▶ _MATERIAL FOR THIS TASK_
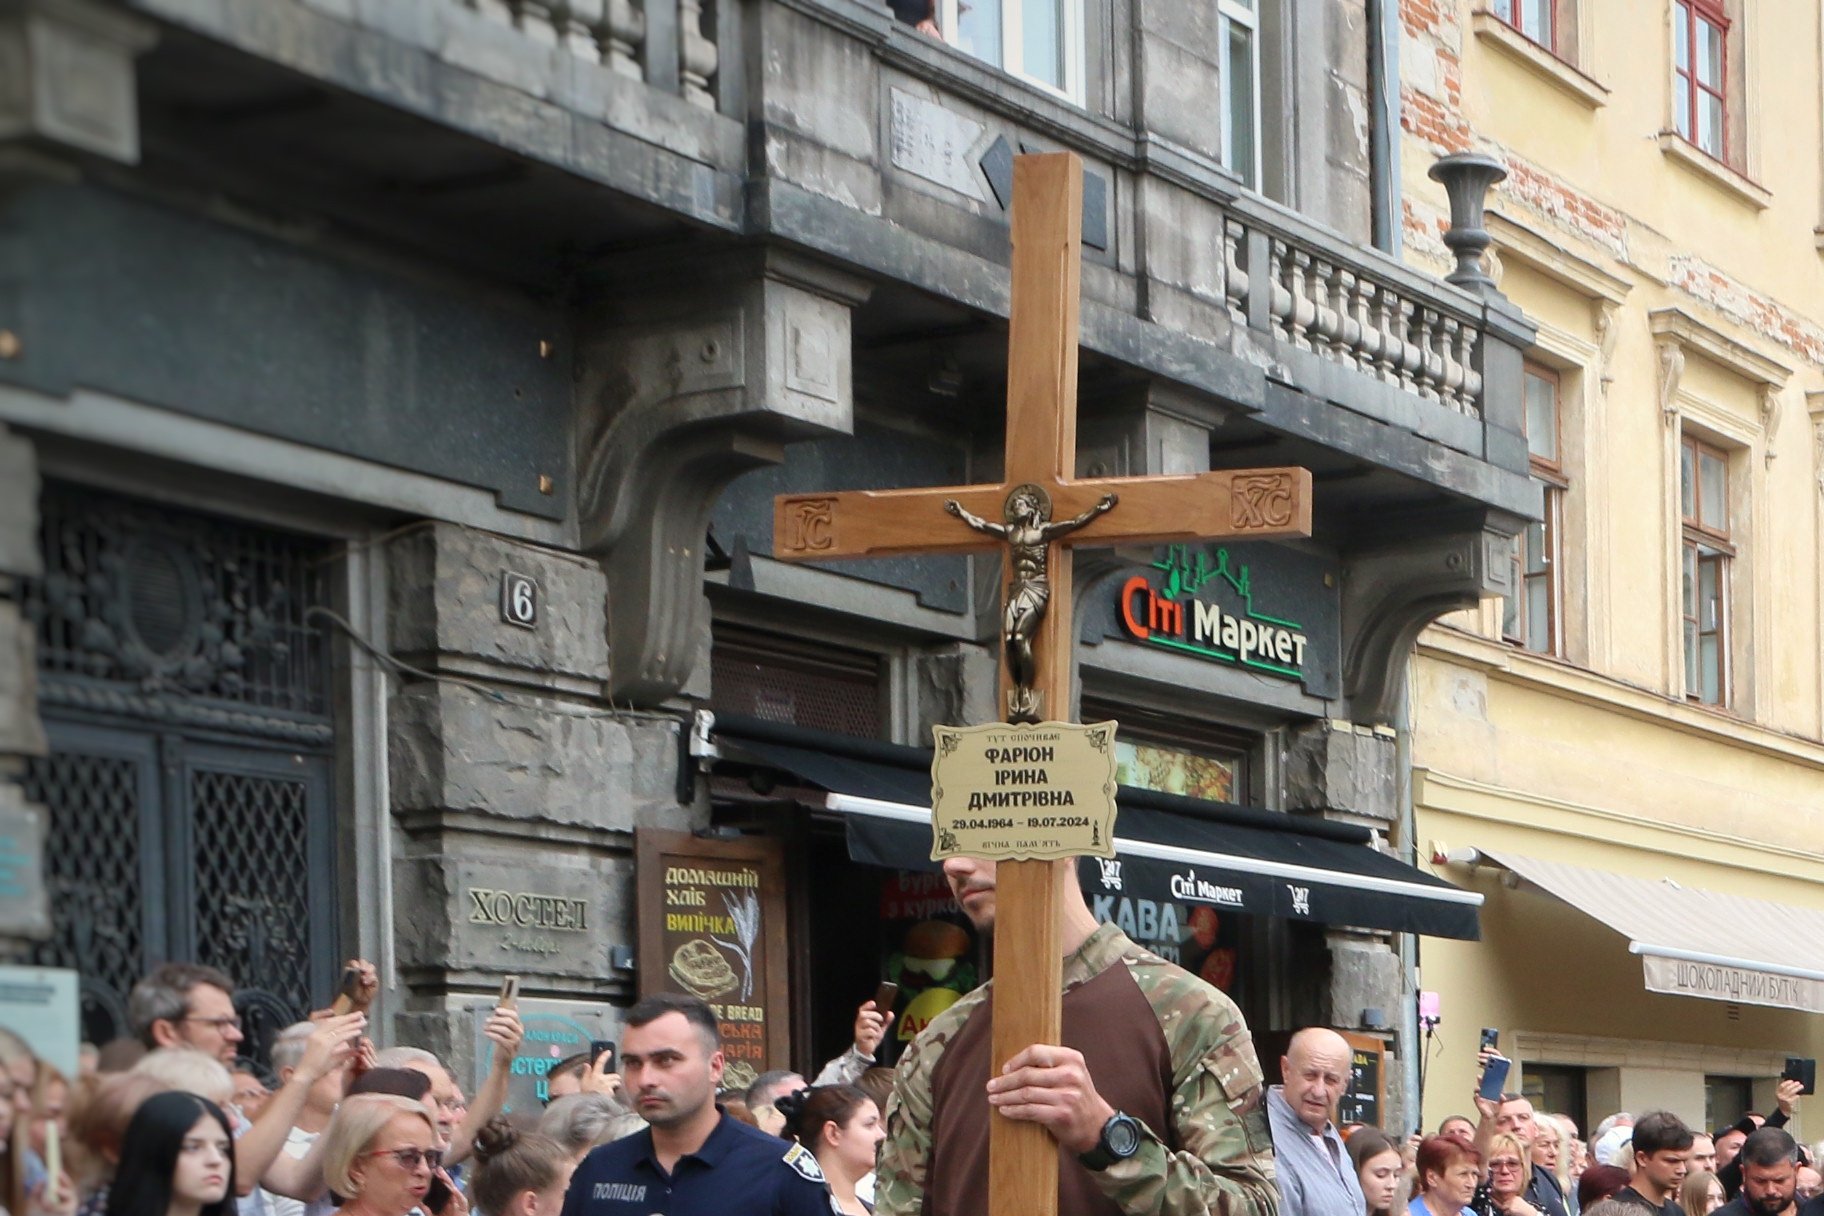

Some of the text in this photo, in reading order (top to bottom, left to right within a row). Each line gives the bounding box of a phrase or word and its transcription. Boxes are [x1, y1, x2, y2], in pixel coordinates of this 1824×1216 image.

[513, 580, 534, 622] 6
[1193, 598, 1308, 666] Маркет
[986, 733, 1061, 743] ТУТ СПОЧИВАЄ
[984, 746, 1054, 765] ФАРІОН
[994, 769, 1048, 786] ІРИНА
[967, 790, 1075, 812] ДМИТРІВНА
[951, 818, 1014, 830] 29.04.1964
[1027, 816, 1090, 828] 19.07.2024
[981, 840, 1010, 849] ВІЧНА
[1197, 879, 1243, 903] Маркет
[467, 886, 590, 932] ХОСТЕЛ
[1093, 893, 1182, 944] КАВА
[666, 911, 737, 935] ВИПІЧКА
[1676, 962, 1799, 1002] ШОКОЛАДНИЙ БУТІК
[727, 1004, 764, 1022] BREAD
[592, 1182, 648, 1203] ПОЛІЦІЯ
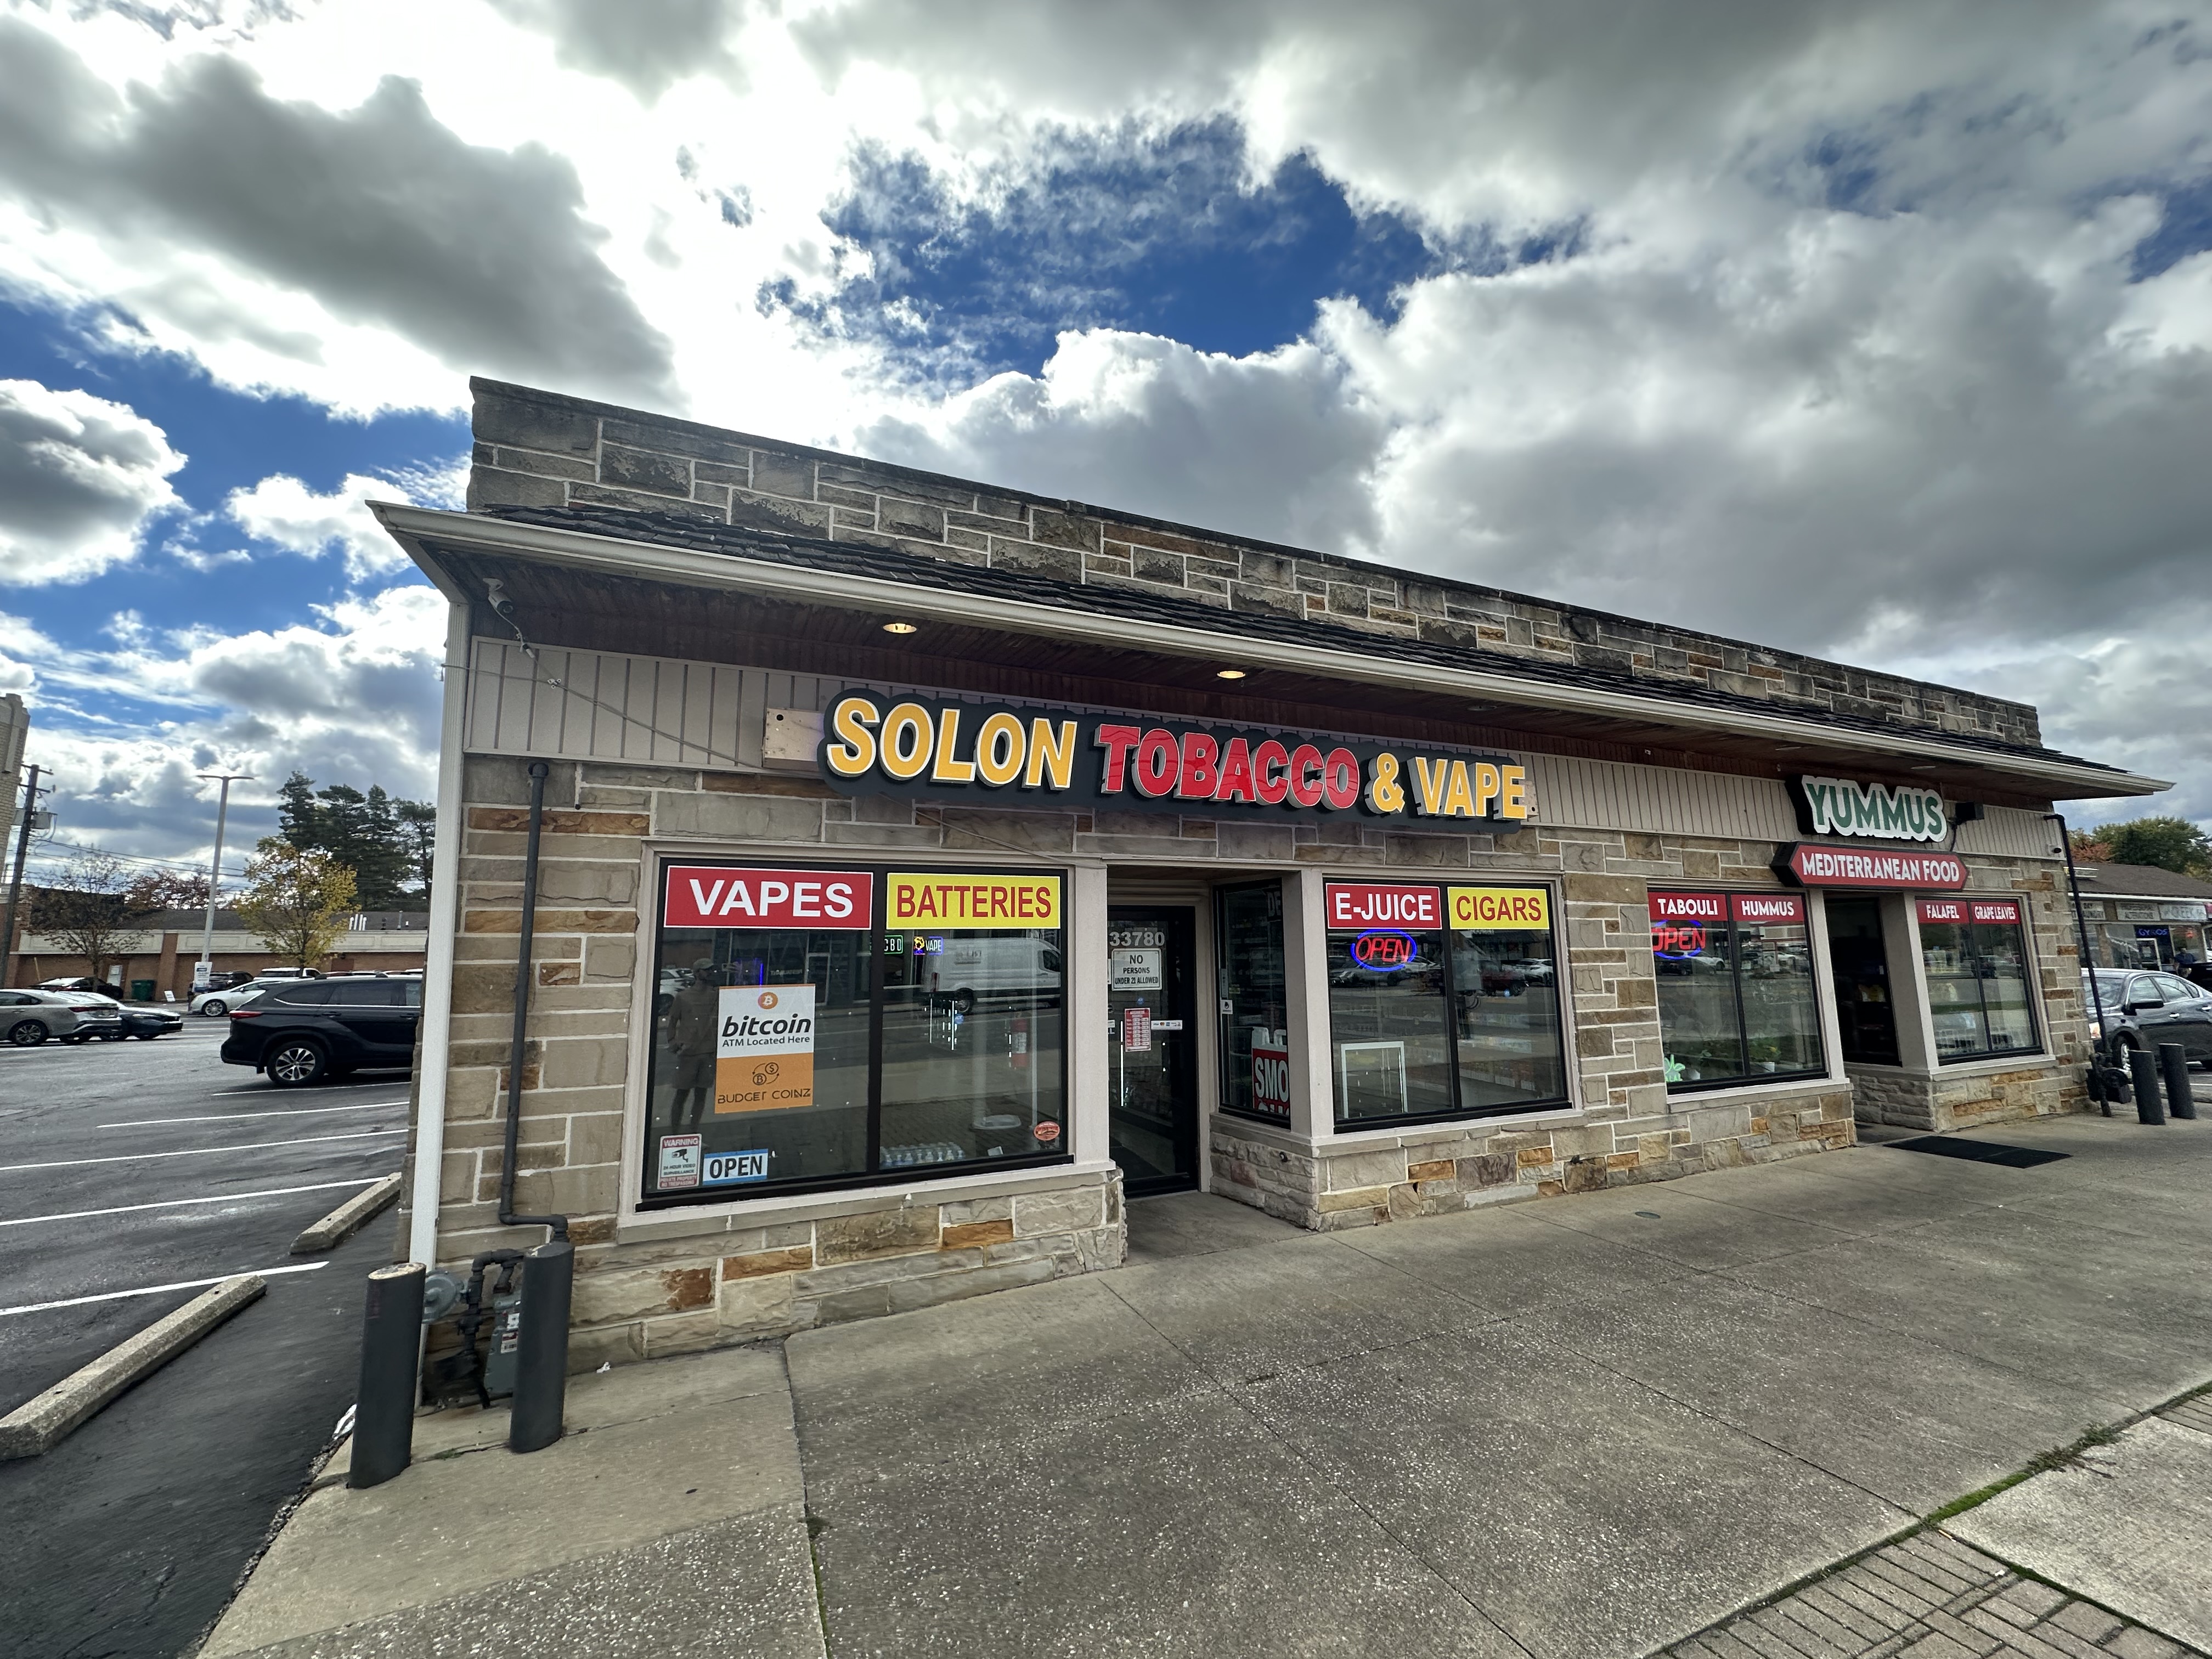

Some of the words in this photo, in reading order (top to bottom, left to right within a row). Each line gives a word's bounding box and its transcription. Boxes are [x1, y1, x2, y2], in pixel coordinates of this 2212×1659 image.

[826, 697, 1077, 791] SOLON
[1094, 723, 1360, 810] TOBACCO
[1364, 752, 1405, 814] &
[1407, 756, 1527, 820] VAPE
[1805, 783, 1942, 835] YUMMUS
[1802, 852, 1920, 881] MEDITERRANEAN
[1922, 859, 1960, 882] FOOD
[690, 878, 853, 918] VAPES
[896, 885, 1052, 918] BATTERIES
[1335, 893, 1434, 921] E-JUICE
[1456, 895, 1542, 922] CIGARS
[1657, 898, 1718, 915] TABOULI
[1741, 900, 1795, 916] HUMMUS
[1926, 905, 1960, 919] FALAFEL
[1974, 906, 1994, 919] GRAPE
[1995, 906, 2016, 919] LEAVES
[925, 939, 942, 951] VAPE
[1109, 931, 1165, 946] 33780
[1355, 936, 1411, 962] OPEN
[1651, 927, 1706, 951] OPEN
[1130, 955, 1143, 964] NO
[722, 1013, 811, 1037] bitcoin
[722, 1039, 744, 1047] ATM
[747, 1036, 785, 1046] Located
[718, 1091, 767, 1104] BUDGET
[772, 1088, 811, 1099] COINZ
[664, 1138, 698, 1147] WARNING
[709, 1155, 763, 1179] OPEN

▶ _EXERCISE GOAL_
Word for word, retype all of the data above, but include no pictures.

▶ _WORKED SOLUTION_
Some of the text in this photo, in reading order (top to bottom, left to right within a row). Each line gives the bounding box of a phrase or word and its transcription. Boxes are [x1, y1, x2, y2], in pixel coordinates of this 1824×1216 image.

[513, 580, 534, 622] 6
[1193, 598, 1308, 666] Маркет
[986, 733, 1061, 743] ТУТ СПОЧИВАЄ
[984, 746, 1054, 765] ФАРІОН
[994, 769, 1048, 786] ІРИНА
[967, 790, 1075, 812] ДМИТРІВНА
[951, 818, 1014, 830] 29.04.1964
[1027, 816, 1090, 828] 19.07.2024
[981, 840, 1010, 849] ВІЧНА
[1197, 879, 1243, 903] Маркет
[467, 886, 590, 932] ХОСТЕЛ
[1093, 893, 1182, 944] КАВА
[666, 911, 737, 935] ВИПІЧКА
[1676, 962, 1799, 1002] ШОКОЛАДНИЙ БУТІК
[727, 1004, 764, 1022] BREAD
[592, 1182, 648, 1203] ПОЛІЦІЯ

Some of the words in this photo, in reading order (top to bottom, left to right within a row). Each line gives a word's bounding box and its transcription. Boxes are [x1, y1, x2, y2], in pixel coordinates of this 2212×1659 image.

[826, 697, 1077, 791] SOLON
[1094, 723, 1360, 810] TOBACCO
[1364, 752, 1405, 814] &
[1407, 756, 1527, 820] VAPE
[1805, 783, 1942, 835] YUMMUS
[1802, 852, 1920, 881] MEDITERRANEAN
[1922, 859, 1960, 882] FOOD
[690, 878, 853, 918] VAPES
[896, 885, 1052, 918] BATTERIES
[1335, 893, 1434, 921] E-JUICE
[1456, 895, 1542, 922] CIGARS
[1657, 898, 1718, 915] TABOULI
[1741, 900, 1795, 916] HUMMUS
[1926, 905, 1960, 919] FALAFEL
[1974, 906, 1994, 919] GRAPE
[1995, 906, 2016, 919] LEAVES
[925, 939, 942, 951] VAPE
[1109, 931, 1165, 946] 33780
[1355, 936, 1411, 962] OPEN
[1651, 927, 1706, 951] OPEN
[1130, 955, 1143, 964] NO
[722, 1013, 811, 1037] bitcoin
[722, 1039, 744, 1047] ATM
[747, 1036, 785, 1046] Located
[718, 1091, 767, 1104] BUDGET
[772, 1088, 811, 1099] COINZ
[664, 1138, 698, 1147] WARNING
[709, 1155, 763, 1179] OPEN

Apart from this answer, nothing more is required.